(Raw data begins)

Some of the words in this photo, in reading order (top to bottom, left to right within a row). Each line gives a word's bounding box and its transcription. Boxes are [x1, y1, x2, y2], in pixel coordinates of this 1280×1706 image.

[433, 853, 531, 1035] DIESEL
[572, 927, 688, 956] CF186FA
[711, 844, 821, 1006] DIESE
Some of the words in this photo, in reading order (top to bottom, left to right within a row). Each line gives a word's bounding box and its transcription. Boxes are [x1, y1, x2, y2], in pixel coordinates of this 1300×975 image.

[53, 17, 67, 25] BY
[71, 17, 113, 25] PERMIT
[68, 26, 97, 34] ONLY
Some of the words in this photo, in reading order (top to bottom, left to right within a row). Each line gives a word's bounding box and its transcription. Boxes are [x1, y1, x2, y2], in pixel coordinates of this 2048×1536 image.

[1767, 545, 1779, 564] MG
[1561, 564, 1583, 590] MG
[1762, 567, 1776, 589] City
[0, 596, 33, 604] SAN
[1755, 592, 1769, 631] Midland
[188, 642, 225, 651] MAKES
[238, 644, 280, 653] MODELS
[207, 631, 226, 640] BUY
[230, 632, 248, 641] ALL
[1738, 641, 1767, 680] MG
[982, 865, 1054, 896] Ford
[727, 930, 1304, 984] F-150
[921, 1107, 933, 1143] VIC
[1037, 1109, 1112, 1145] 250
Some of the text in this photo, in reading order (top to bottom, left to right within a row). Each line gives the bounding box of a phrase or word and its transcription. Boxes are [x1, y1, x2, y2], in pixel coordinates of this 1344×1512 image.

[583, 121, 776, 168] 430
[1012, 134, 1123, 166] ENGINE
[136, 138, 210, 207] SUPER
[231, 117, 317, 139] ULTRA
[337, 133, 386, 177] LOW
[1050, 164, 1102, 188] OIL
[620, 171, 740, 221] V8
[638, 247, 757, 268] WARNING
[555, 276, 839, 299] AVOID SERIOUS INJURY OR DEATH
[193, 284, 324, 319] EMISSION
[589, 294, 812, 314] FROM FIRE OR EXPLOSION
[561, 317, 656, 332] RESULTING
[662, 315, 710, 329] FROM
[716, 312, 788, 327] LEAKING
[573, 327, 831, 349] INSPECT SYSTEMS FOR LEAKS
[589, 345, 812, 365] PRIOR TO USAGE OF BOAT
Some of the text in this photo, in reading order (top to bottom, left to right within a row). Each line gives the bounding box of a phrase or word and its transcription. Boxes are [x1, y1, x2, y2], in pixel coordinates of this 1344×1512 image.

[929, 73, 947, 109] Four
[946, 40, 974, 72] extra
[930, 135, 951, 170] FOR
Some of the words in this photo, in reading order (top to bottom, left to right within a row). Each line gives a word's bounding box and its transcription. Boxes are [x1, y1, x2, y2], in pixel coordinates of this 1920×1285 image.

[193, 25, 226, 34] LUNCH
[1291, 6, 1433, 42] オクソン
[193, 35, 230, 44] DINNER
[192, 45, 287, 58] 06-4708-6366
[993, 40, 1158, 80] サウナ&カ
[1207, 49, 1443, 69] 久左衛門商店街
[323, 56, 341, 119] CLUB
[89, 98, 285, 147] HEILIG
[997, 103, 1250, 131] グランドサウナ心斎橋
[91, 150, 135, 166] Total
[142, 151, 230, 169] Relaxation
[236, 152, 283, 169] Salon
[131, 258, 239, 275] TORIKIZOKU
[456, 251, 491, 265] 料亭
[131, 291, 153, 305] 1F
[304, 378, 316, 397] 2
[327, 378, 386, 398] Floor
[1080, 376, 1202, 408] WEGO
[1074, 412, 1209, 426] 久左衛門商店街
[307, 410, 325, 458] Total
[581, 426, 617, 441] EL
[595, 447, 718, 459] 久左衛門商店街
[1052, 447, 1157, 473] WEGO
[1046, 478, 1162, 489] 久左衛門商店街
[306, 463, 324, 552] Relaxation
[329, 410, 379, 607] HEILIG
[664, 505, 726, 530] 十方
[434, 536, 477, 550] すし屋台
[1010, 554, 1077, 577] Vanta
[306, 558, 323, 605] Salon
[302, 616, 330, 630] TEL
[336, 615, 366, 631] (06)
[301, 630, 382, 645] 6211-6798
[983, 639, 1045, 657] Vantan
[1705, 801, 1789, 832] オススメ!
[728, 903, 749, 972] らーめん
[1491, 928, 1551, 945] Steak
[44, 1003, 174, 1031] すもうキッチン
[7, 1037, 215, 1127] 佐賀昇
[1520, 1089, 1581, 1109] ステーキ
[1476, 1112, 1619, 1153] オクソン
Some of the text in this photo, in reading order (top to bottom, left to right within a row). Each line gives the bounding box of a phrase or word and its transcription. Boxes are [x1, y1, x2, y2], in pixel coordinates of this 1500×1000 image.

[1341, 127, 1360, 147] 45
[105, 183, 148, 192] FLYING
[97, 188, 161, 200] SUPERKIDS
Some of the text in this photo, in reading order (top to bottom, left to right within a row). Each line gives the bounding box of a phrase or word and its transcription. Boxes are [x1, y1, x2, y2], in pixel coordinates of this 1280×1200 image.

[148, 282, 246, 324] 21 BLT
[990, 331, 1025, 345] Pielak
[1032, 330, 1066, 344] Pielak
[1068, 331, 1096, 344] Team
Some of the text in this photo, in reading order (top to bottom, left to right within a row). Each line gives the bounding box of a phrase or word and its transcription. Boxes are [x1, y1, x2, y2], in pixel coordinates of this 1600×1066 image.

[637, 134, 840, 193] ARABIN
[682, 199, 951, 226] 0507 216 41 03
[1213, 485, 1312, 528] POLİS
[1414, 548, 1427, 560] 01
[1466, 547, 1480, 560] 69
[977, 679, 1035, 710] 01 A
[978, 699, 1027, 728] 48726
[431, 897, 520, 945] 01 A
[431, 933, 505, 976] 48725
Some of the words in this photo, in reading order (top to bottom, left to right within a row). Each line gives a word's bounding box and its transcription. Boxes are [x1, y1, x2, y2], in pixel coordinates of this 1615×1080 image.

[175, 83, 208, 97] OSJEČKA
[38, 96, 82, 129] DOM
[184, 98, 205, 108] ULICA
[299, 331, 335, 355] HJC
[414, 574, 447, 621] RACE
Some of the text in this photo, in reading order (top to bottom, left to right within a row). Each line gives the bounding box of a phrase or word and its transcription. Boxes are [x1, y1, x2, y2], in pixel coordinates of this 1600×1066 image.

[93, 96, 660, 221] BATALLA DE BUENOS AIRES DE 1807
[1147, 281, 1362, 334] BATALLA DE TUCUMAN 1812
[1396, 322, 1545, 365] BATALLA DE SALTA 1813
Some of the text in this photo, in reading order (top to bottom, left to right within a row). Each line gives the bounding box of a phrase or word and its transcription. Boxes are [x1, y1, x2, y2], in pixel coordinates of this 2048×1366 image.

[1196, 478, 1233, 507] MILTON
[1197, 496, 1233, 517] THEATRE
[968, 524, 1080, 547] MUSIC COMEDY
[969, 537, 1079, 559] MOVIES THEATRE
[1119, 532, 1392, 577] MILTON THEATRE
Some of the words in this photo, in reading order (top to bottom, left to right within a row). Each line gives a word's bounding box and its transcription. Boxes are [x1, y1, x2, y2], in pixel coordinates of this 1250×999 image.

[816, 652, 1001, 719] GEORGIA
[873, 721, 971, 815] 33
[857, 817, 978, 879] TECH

(Raw data ends)

Work order:
Reproduce the lines of the entries above exactly, but only from the line containing "this 1250×999 image." through the final line.

Exercise output:
Some of the words in this photo, in reading order (top to bottom, left to right within a row). Each line gives a word's bounding box and its transcription. Boxes are [x1, y1, x2, y2], in pixel coordinates of this 1250×999 image.

[816, 652, 1001, 719] GEORGIA
[873, 721, 971, 815] 33
[857, 817, 978, 879] TECH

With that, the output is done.